The Importance of Influencing Others
Have you ever thought about sharing your core values and beliefs with others? You may want to use a personal ethics statement to let others know what you stand for. For example, it could be used as part of your job application process.
A personal ethics statement includes ideals that are important to a person, such as honesty or integrity. In the statement, a person defines these values and describes what they will and will not do to live by them. Increasingly, ethical wills have been used to pass on one’s values to heirs.
What are personal ethics?
Personal ethics is the code of ethical guidelines that guide you in your personal life. They often develop from your core values and work ethic. Your personal ethics can, and likely will, contain common ethical guidelines that other people share, but they will vary in their level of importance and how to maintain them.
Some common personal ethics are included in an article on the website, Indeed.
- Equality and fairness
- Empathy and respect
How to write a personal ethics statement
Follow these tips to write a clear and effective personal ethics statement:
- Consider your audience.
- Identify your goals.
- List what influences you.
- Write about your beliefs and practices.
- Clarify your “why."
Consider your audience.
How you write your statement changes based on your audience. Writing a statement that other people read requires you to be more structured and thorough with your explanations so that readers can understand your goals, values, and mission.
After understanding who will be reading your personal ethics statement, it is important to determine your personal ethics statement’s purpose. Is it to influence others you encounter during your lifetime and define what you stand for as an employee?
List what influences you
Be sure to list what influences you. These are the influences that help you develop your understanding of ethics and the principles you chose. For some people, personal traits can also be a significant influence. You can identify the characteristics you have, such as elements of your personality that inform the choices you make.
A significant part of creating your personal ethics statement is to come up with easy-to-understand examples. You can do this by writing about your beliefs and practices. Your beliefs help shape your ethics and can be a defining part of your identity. So, they can be included in your statement as a way of solidifying your thoughts on ethics.

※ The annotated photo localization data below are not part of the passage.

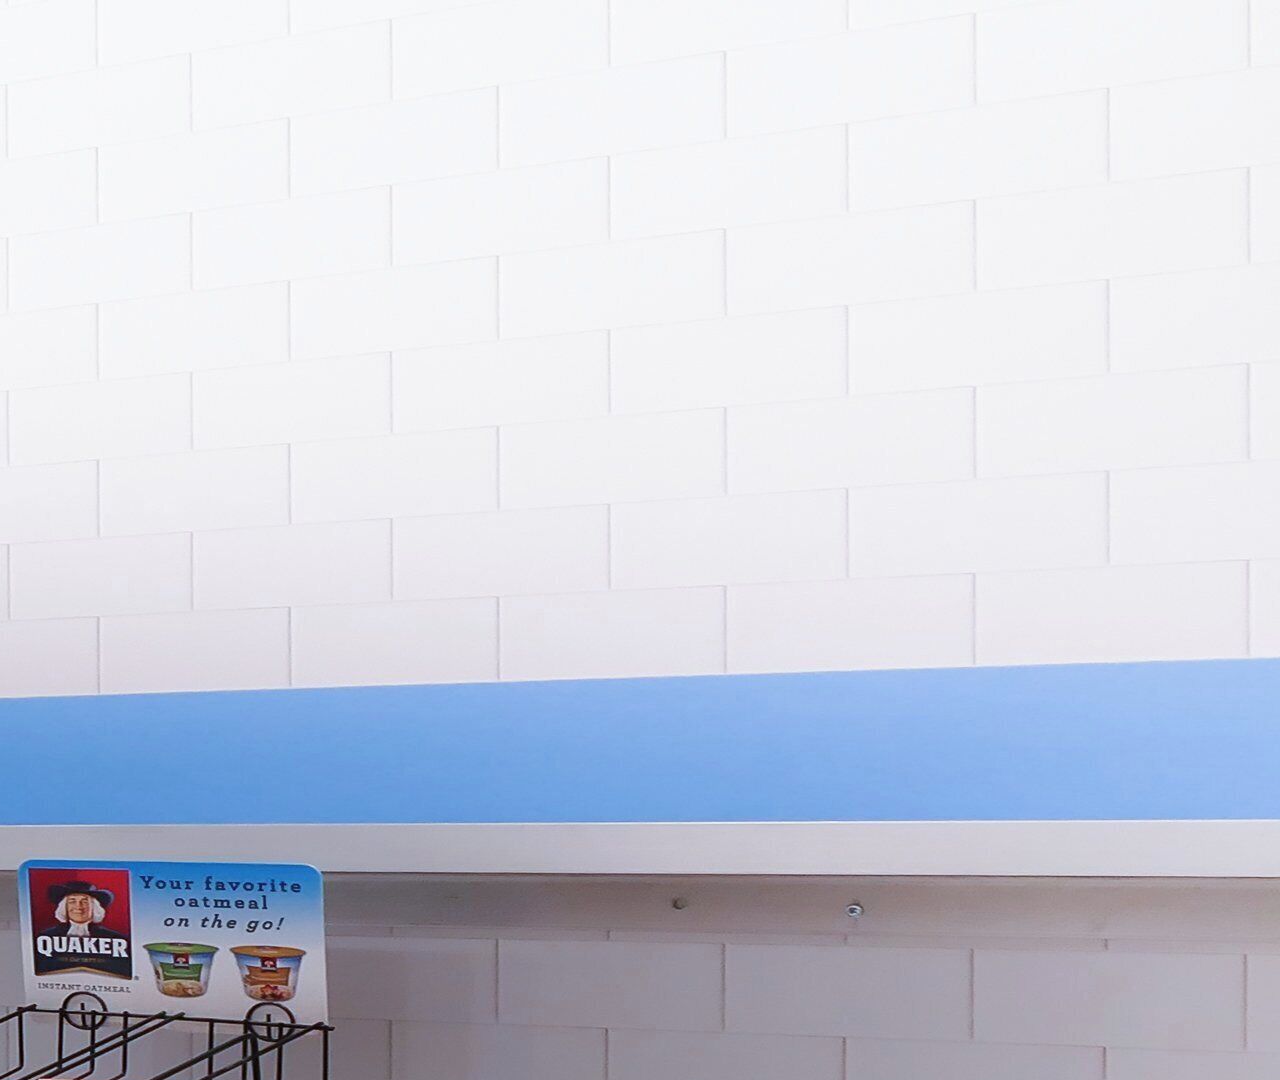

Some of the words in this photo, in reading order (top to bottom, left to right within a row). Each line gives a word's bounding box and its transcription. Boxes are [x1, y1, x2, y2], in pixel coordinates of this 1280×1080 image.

[139, 875, 194, 890] Your
[204, 876, 302, 893] favorite
[174, 895, 268, 910] oatmeal
[164, 917, 190, 928] on
[201, 914, 237, 929] the
[246, 917, 285, 933] go!
[37, 935, 129, 958] QUAKER
[37, 983, 81, 991] INSTANT
[83, 985, 132, 993] OATMEAL

It is important to clarify why you chose the ethical principles that you have. Everyone develops an ethical code through experiences. If you want people to understand your ethics, you can provide a clear example of why your ethical principles are important or how you use them in your career development. Focus on the core values that influence your daily actions and shape your personal ethics. This will make it easy for other people to not only understand your personal ethics statement but also to understand why your ethics are important.
Personal Integrity Statement
A Personal Integrity Statement acknowledges that your life must have a purpose greater than serving yourself. The goal is to serve the greater good by bringing together people and resources to create value that no single individual can build alone. Therefore, you will seek a course of action that enhances the value you and others can follow to positively influence society. Here is one such example:
Therefore I promise:
- I will act with utmost integrity and pursue my work in an honest and ethical manner.

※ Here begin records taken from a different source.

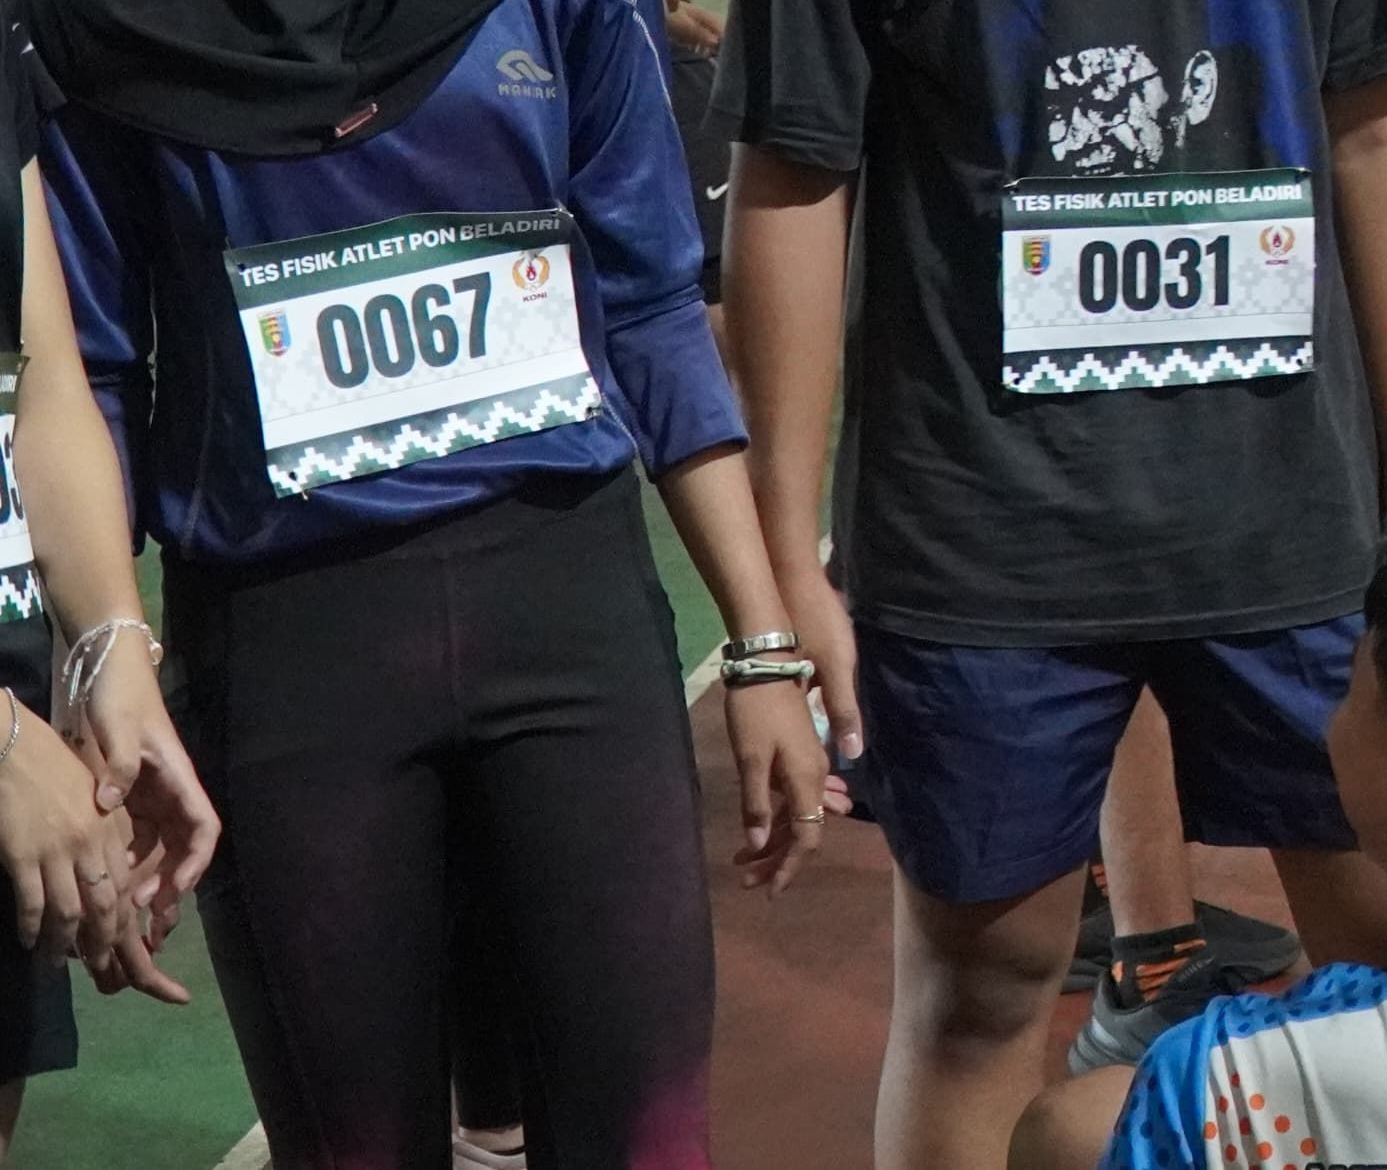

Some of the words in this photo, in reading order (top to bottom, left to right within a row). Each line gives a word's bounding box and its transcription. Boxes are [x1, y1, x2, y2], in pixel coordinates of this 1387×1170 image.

[1012, 194, 1052, 212] TES
[1054, 192, 1105, 210] FISIK
[1107, 190, 1168, 209] ATLET
[1171, 188, 1212, 206] PON
[1215, 184, 1302, 203] BELADIRI
[239, 263, 280, 287] TES
[282, 250, 338, 279] FISIK
[340, 237, 404, 265] ATLET
[410, 226, 455, 251] PON
[459, 217, 560, 241] BELADIRI
[1078, 234, 1230, 314] 0031
[316, 271, 492, 389] 0067
[522, 292, 549, 303] KONI

- I will obey the letter and spirit of the law.
- I will take responsibility for my actions and consider the effects on others.

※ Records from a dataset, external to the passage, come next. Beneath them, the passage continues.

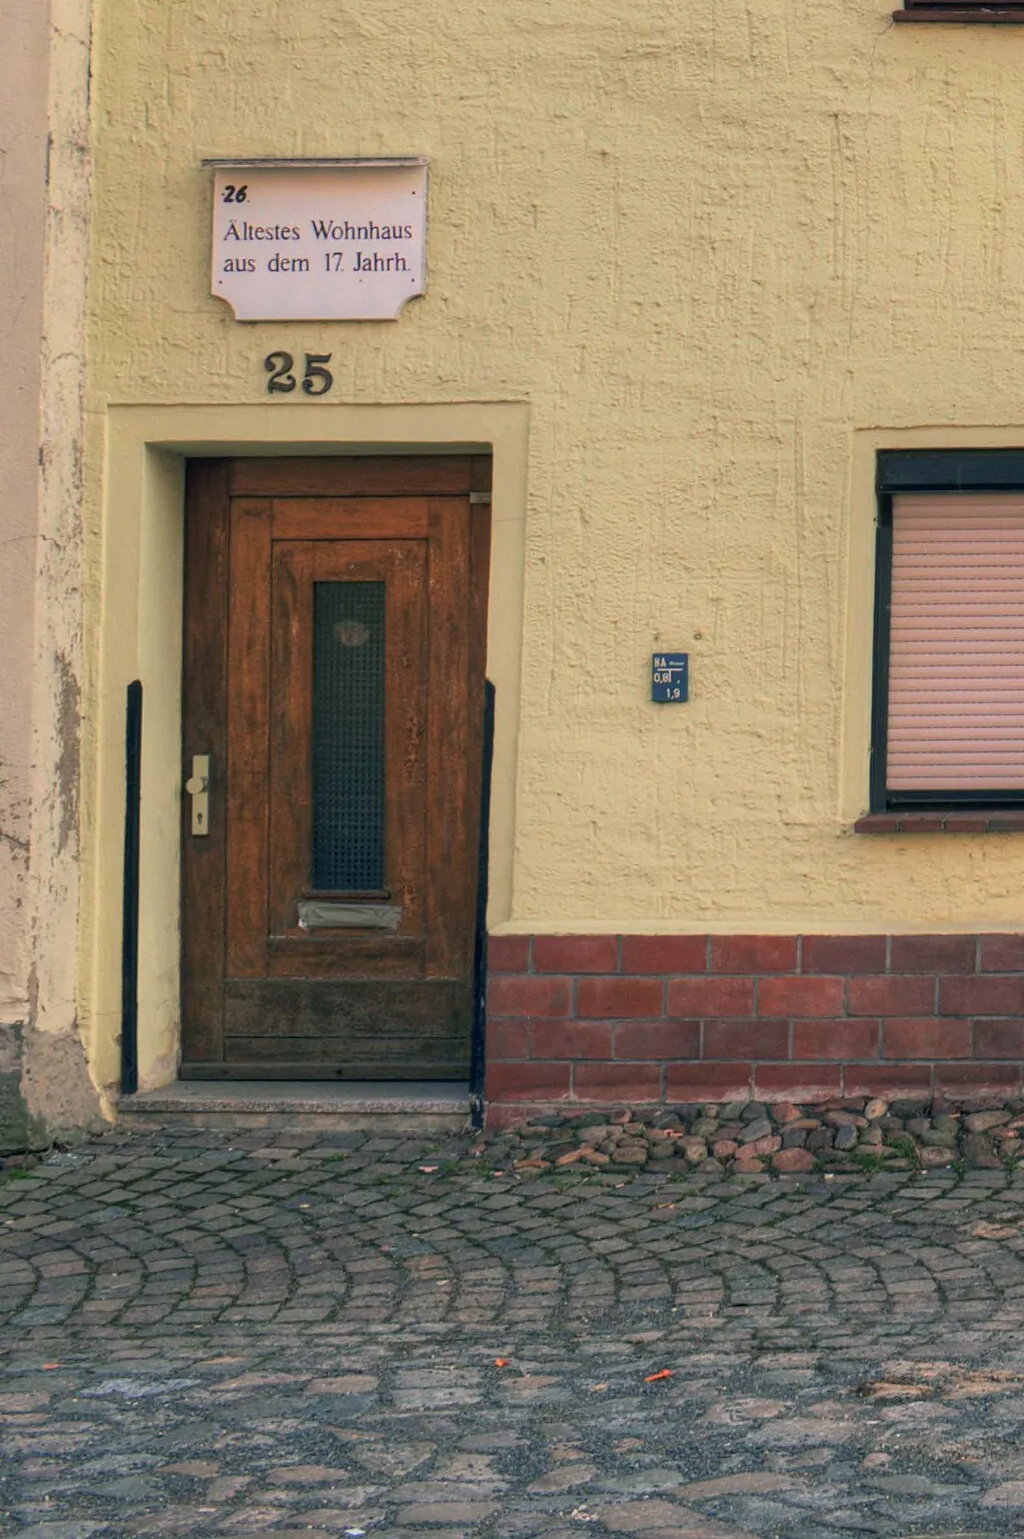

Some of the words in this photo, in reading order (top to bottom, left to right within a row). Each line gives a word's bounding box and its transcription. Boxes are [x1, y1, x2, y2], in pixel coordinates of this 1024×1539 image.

[223, 218, 301, 241] Ältestes
[311, 219, 413, 240] Wohnhaus
[223, 257, 256, 273] aus
[267, 252, 310, 273] dem
[352, 251, 411, 273] Jahrh.
[264, 350, 334, 396] 25
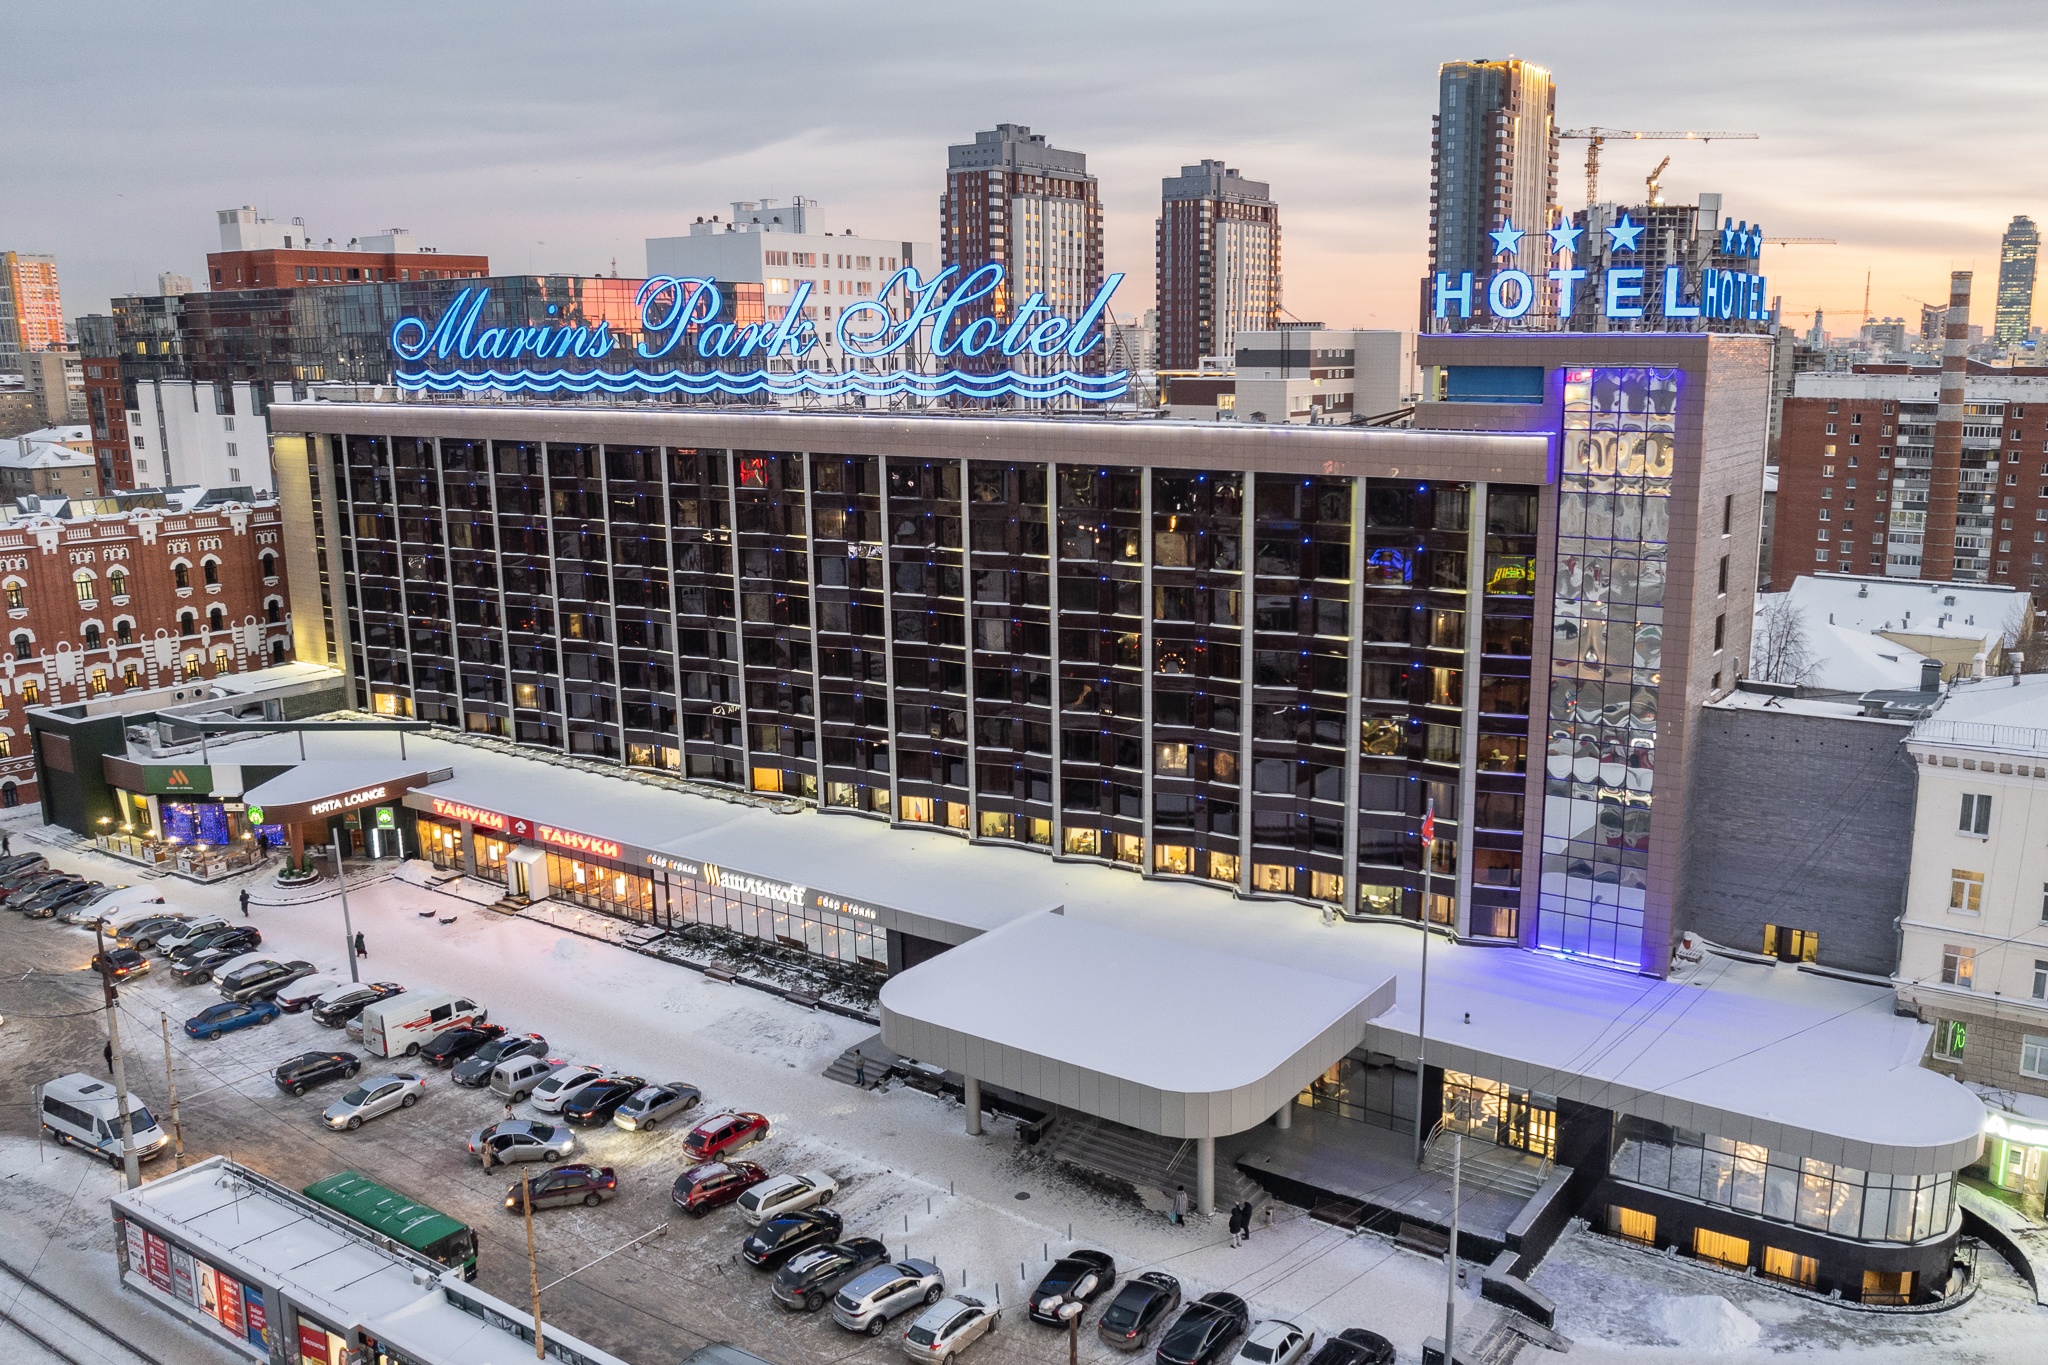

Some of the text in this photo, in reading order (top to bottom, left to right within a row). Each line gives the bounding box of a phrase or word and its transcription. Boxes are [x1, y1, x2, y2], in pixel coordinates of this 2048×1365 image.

- I will strive to create a sustainable economic and social environment.
- I will be accountable to myself and to my peers for living by this oath.
Professional Ethics Statements
Virtually all professions have a code of ethics that sets out the ideals by which the organization works, the values to be followed, and the expectations for employees.
A personal ethics statement can help you understand your priorities in the workplace. If you prioritize doing a good job and being highly productive, then you may make a good business leader. There are many situations where you will need to decide on the right course of action. This is especially true if you lead a team or are a high-level executive in your company. Having a list of criteria can make weighing your options easier.
Once you know what you will and won’t focus on, you can use your personal ethics statement to set goals for your development. You can identify which values matter most to you and identify opportunities and future steps you should pursue.
Creating a personal ethics statement is an effective way to help advance your career, especially when applying to a leadership position or a position that requires a strong set of personal ethics. Knowing what you value and what you stand for can help you decide on a leadership style that enables you to lead teams to progress and success.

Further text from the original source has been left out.